Repeat, exactly as written, all of the entries, but not their pictures.

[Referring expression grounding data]
-------

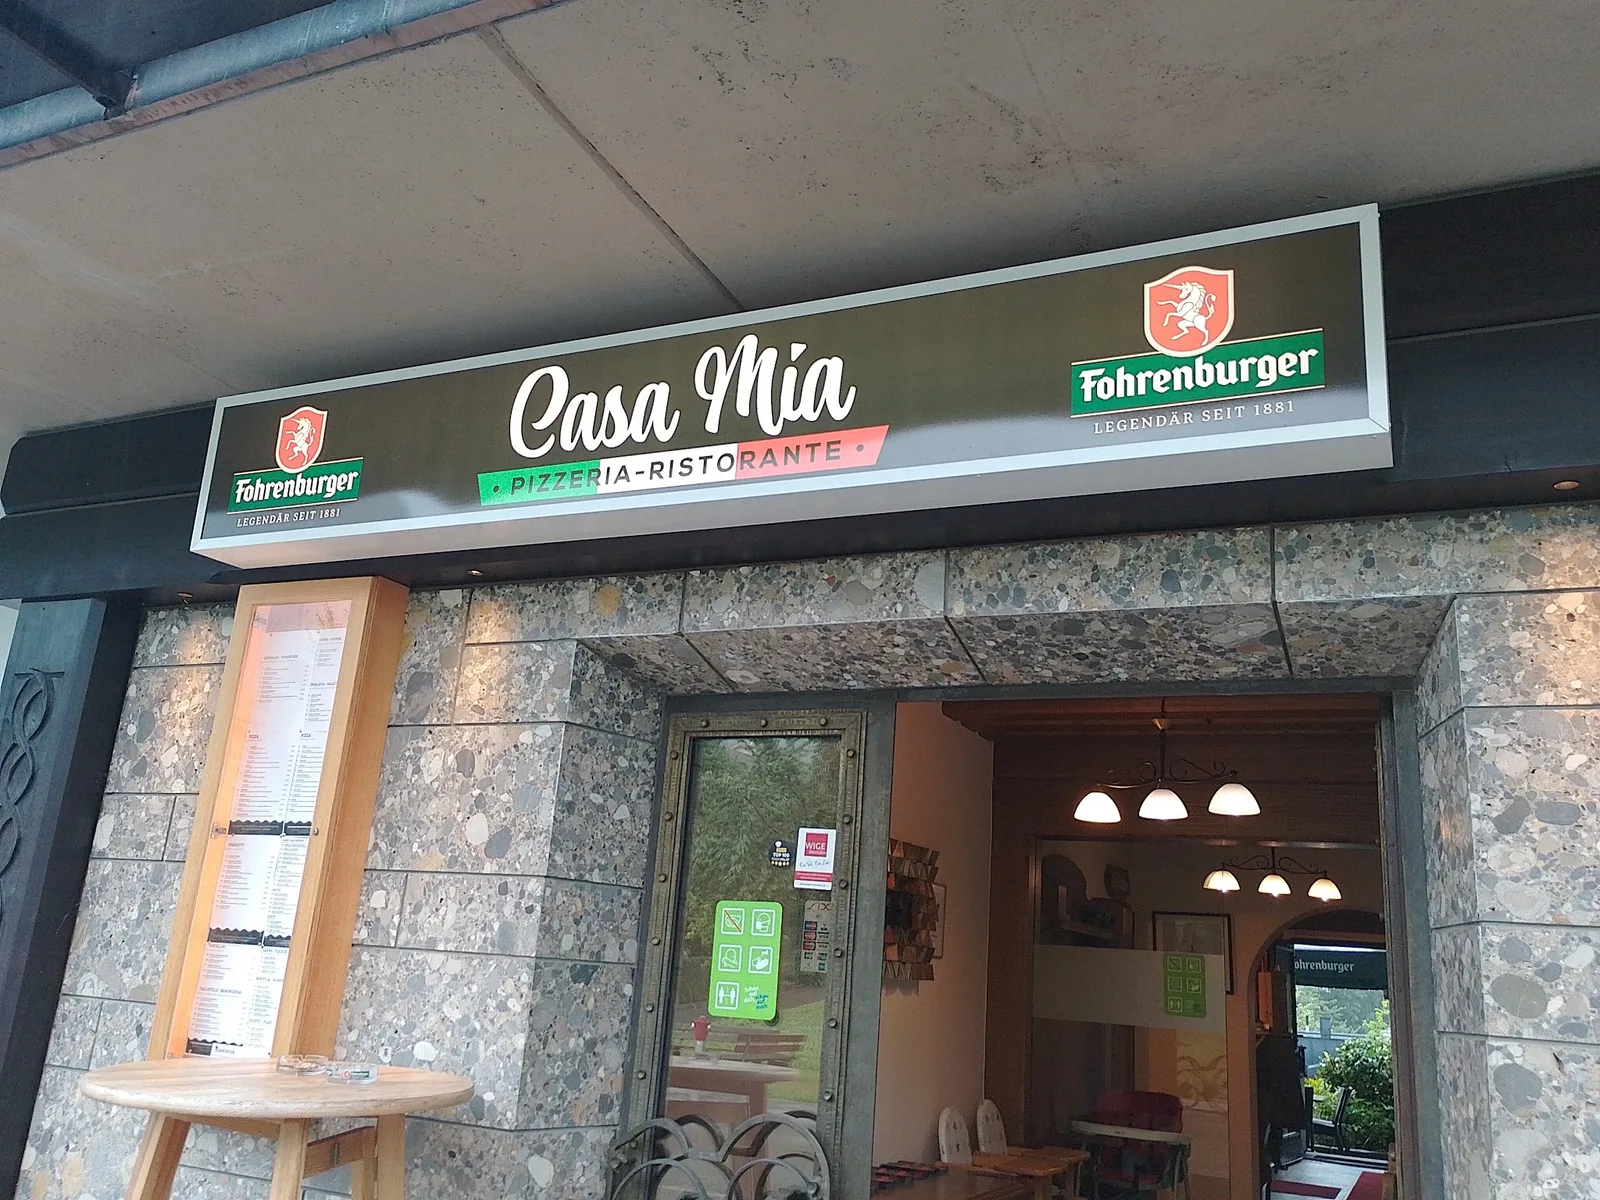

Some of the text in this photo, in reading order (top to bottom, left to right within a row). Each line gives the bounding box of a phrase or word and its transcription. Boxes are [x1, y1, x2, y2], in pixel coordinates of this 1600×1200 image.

[1079, 348, 1319, 402] Fohrenburger
[508, 333, 858, 459] Casa Mia
[1093, 400, 1295, 434] LEGENDÄR SEIT 1881
[511, 439, 843, 496] PIZZERIA-RISTORANTE
[235, 472, 359, 502] Fohrenburger
[236, 507, 341, 527] LEGENDÄR SEIT 1881
[805, 841, 826, 851] WIGE
[1294, 958, 1355, 973] ohrenburger
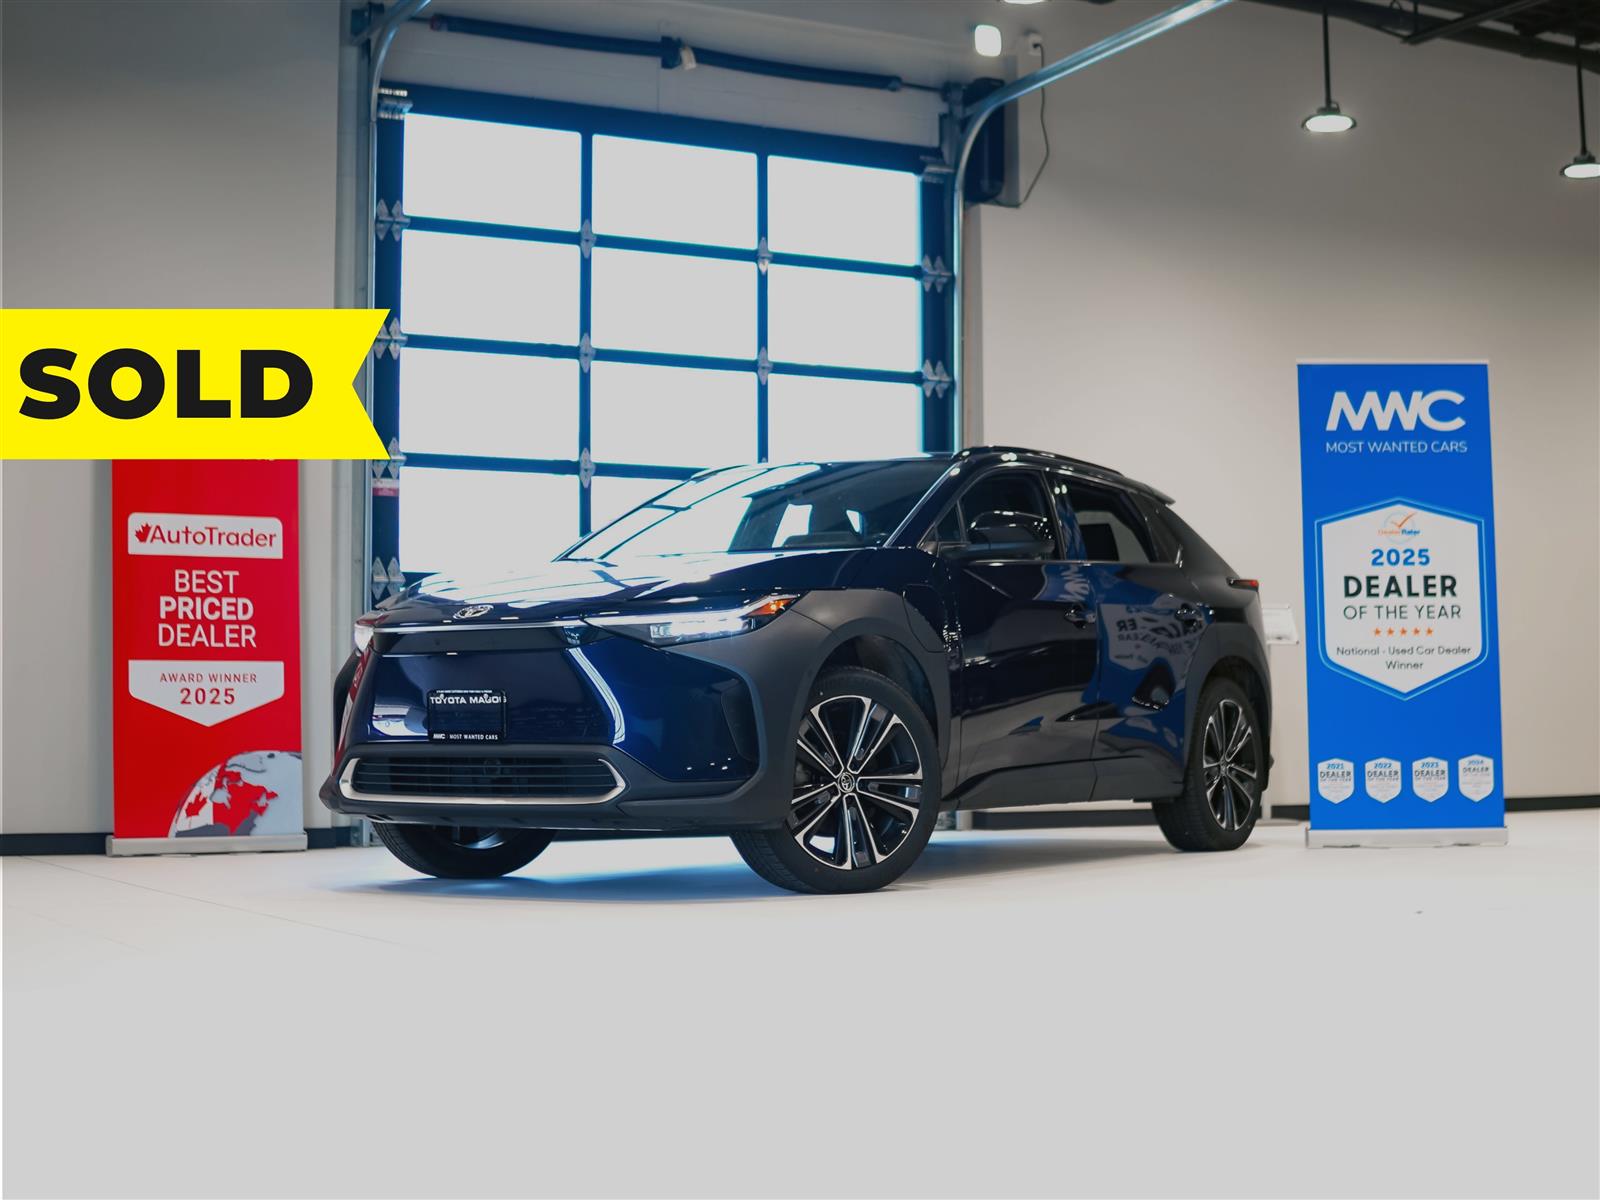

-------

## WRITTEN ANSWER
Some of the text in this photo, in reading order (top to bottom, left to right within a row). Each line gives the bounding box of a phrase or word and its transcription. Boxes are [x1, y1, x2, y2], in pixel coordinates of this 1600×1200 image.

[1079, 348, 1319, 402] Fohrenburger
[508, 333, 858, 459] Casa Mia
[1093, 400, 1295, 434] LEGENDÄR SEIT 1881
[511, 439, 843, 496] PIZZERIA-RISTORANTE
[235, 472, 359, 502] Fohrenburger
[236, 507, 341, 527] LEGENDÄR SEIT 1881
[805, 841, 826, 851] WIGE
[1294, 958, 1355, 973] ohrenburger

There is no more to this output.